The Possibility of Enhanced Well-Being Beyond the Ego (Part 7)

In entry 7 in our series on ego dissolution (pulled from my graduate research on the phenomenon) we continue exploring why counselors and mental health professionals should care about ego dissolution, focusing on how ego dissolution seems to offer unique vistas of psychological well-being.

As mentioned, transpersonal psychology has long been concerned with “beyond-ego” development, or the stages of growth that occur after a person loses identification with the ego. Though the field of transpersonal psychology has not been received by the psychological community for a number of reasons (Wade, 2019), their findings are worth considering. Specifically, counselors should take a special interest in research about how ego dissolution may open the door to new vistas of well-being.

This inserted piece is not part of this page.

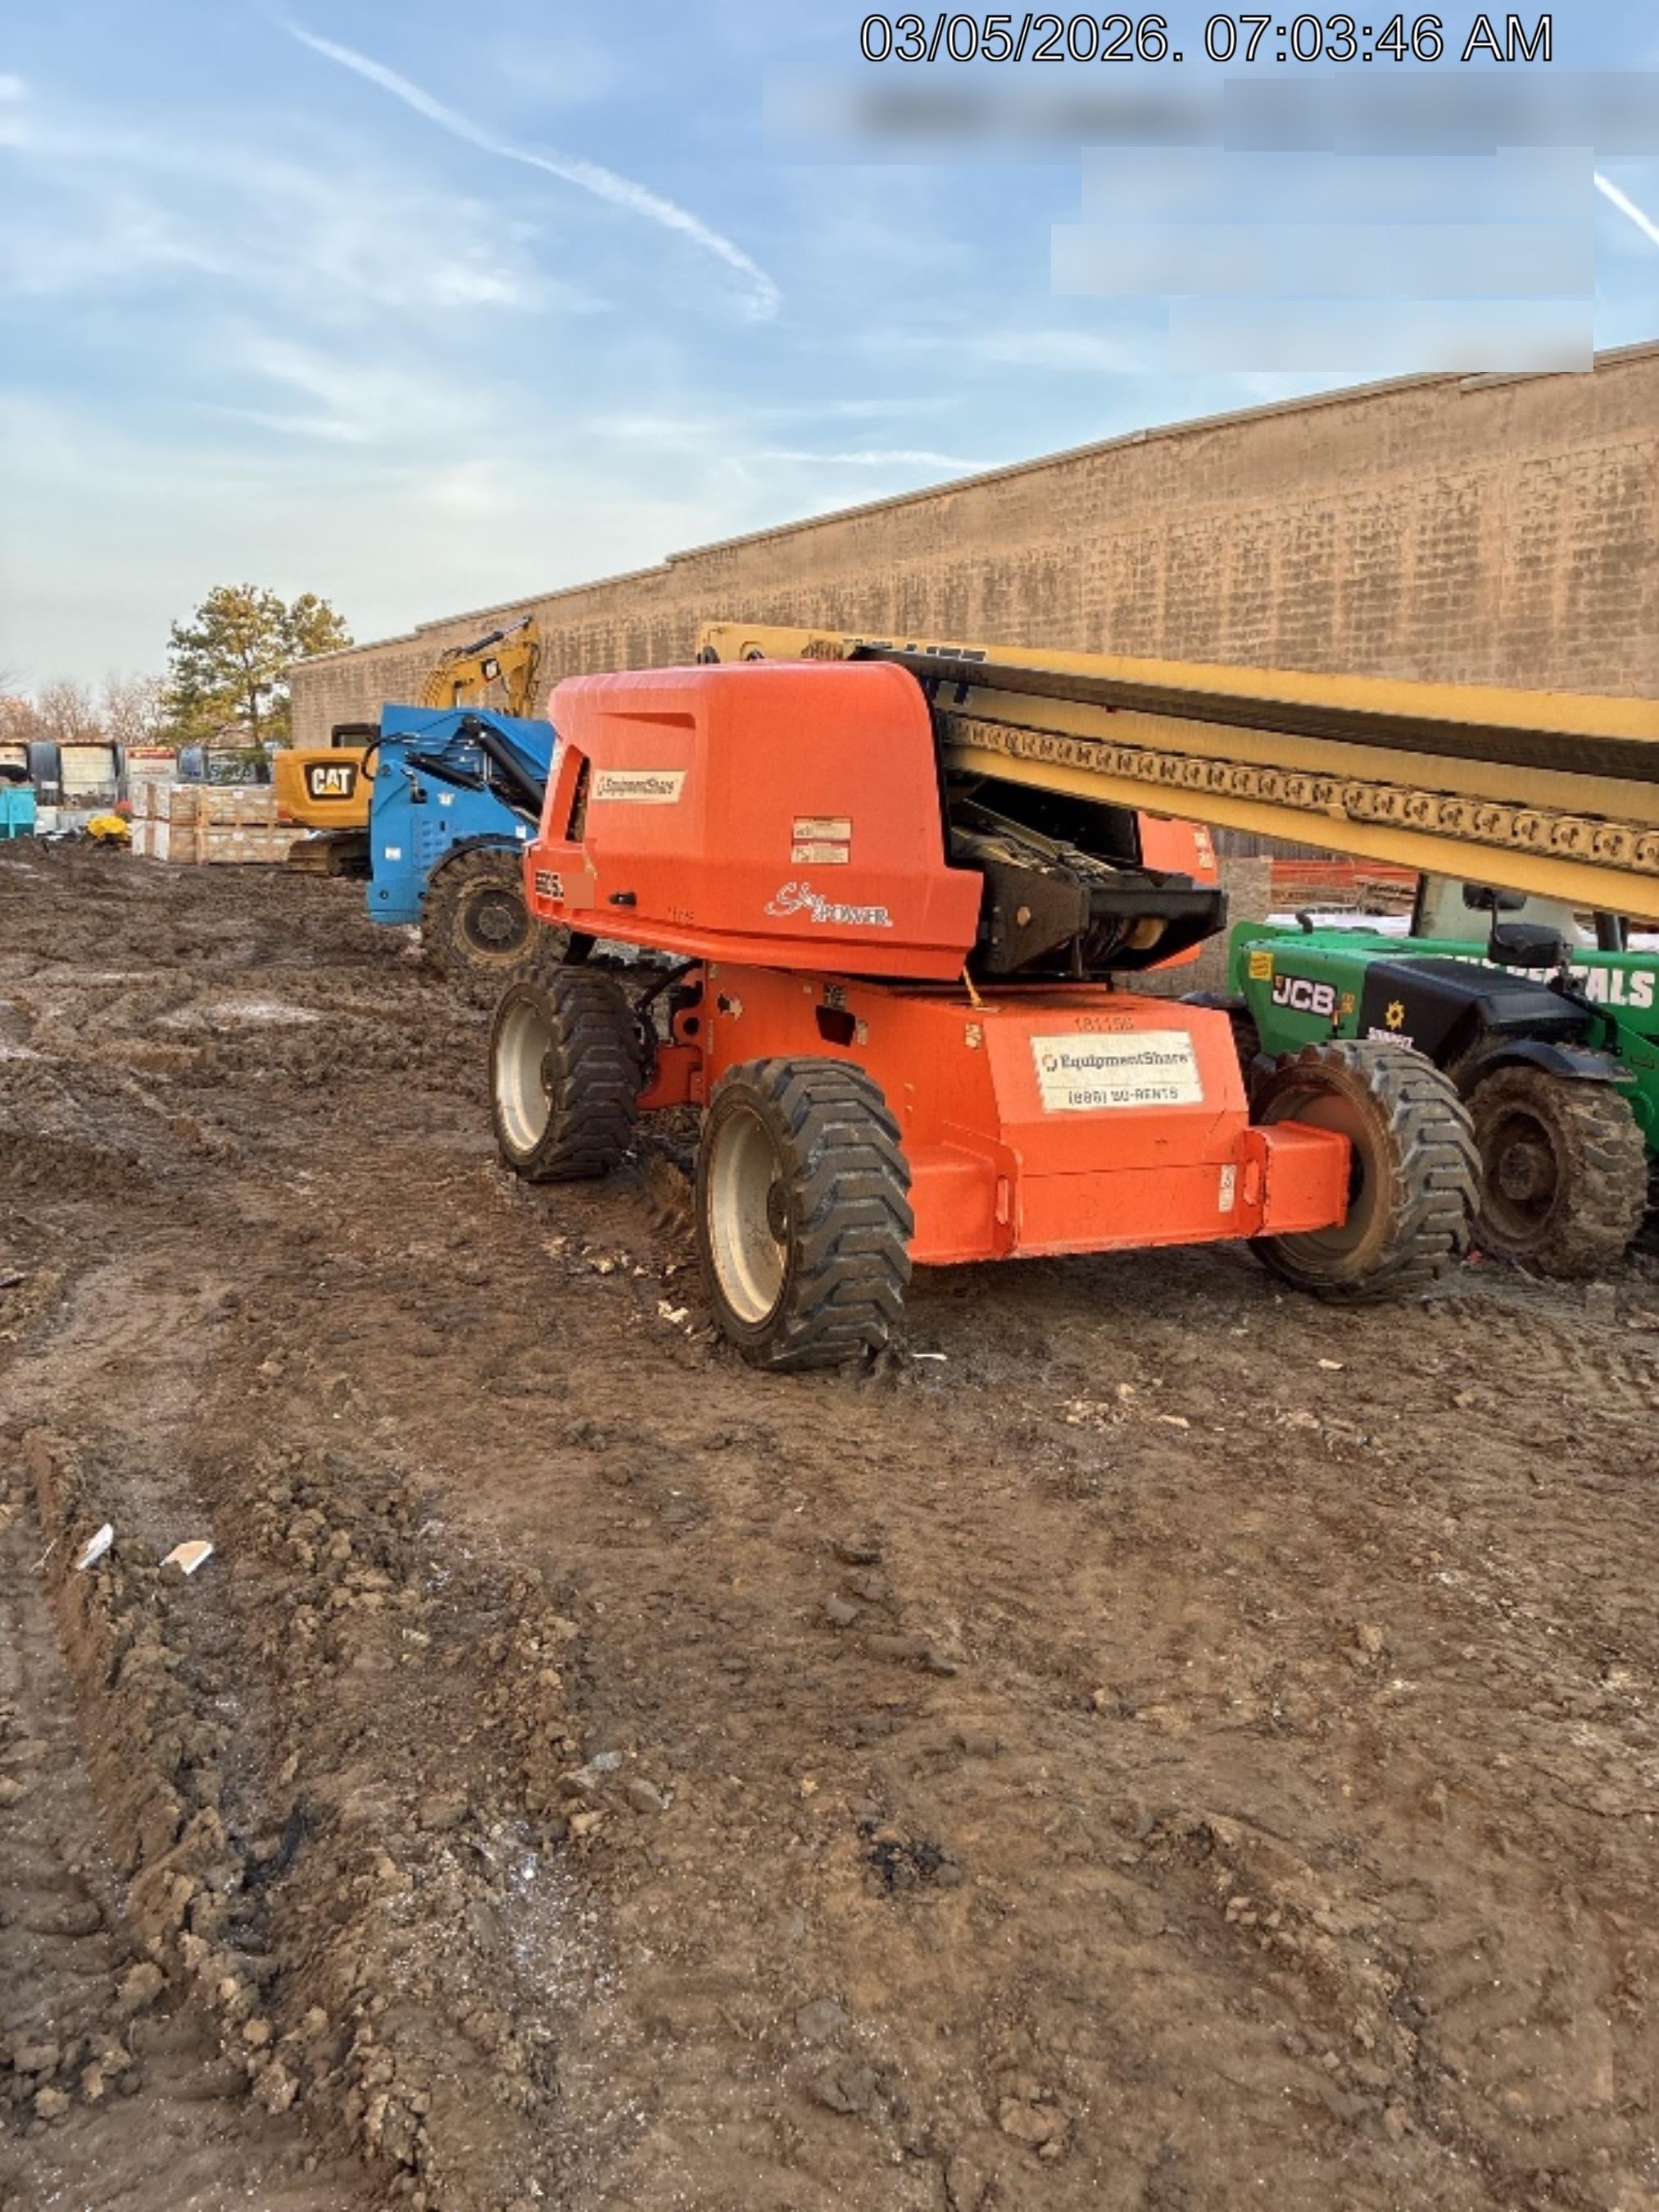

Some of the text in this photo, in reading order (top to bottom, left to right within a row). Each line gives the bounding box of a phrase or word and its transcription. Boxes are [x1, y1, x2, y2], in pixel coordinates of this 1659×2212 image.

            Though the participants in the Tzu, Bannerman, and Griffith’s study (2015) on spiritual teachers noted that distress and terror were components of their spiritual awakenings, they also found that overall positive development was the final outcome. Besides momentary experiences of bliss, the movement beyond identification with the ego opened the participants up to new dimensions of being which entailed a sense of “ultimate freedom” (Tzu, Bannerman, & Griffith, 2015). This is far from the only study to convey this result. Taylor (2013) found that all 25 participants who experienced spiritual awakening reported enhanced well-being or positive states, an enduring new state of being, and an increased ability to live in the present. Similar findings were observed in related qualitative studies (McCormink, 2010; Costeines, 2009). The vast majority of them also experienced a new sense of connectedness, reduction in the fear of death, reduced interest in materialism, reduced identification with thoughts and overall cognitive activity, and a decreased sense of the need for group belonging (Taylor, 2013). In other words, their awakening experiences brought new opportunities for enhanced well-being.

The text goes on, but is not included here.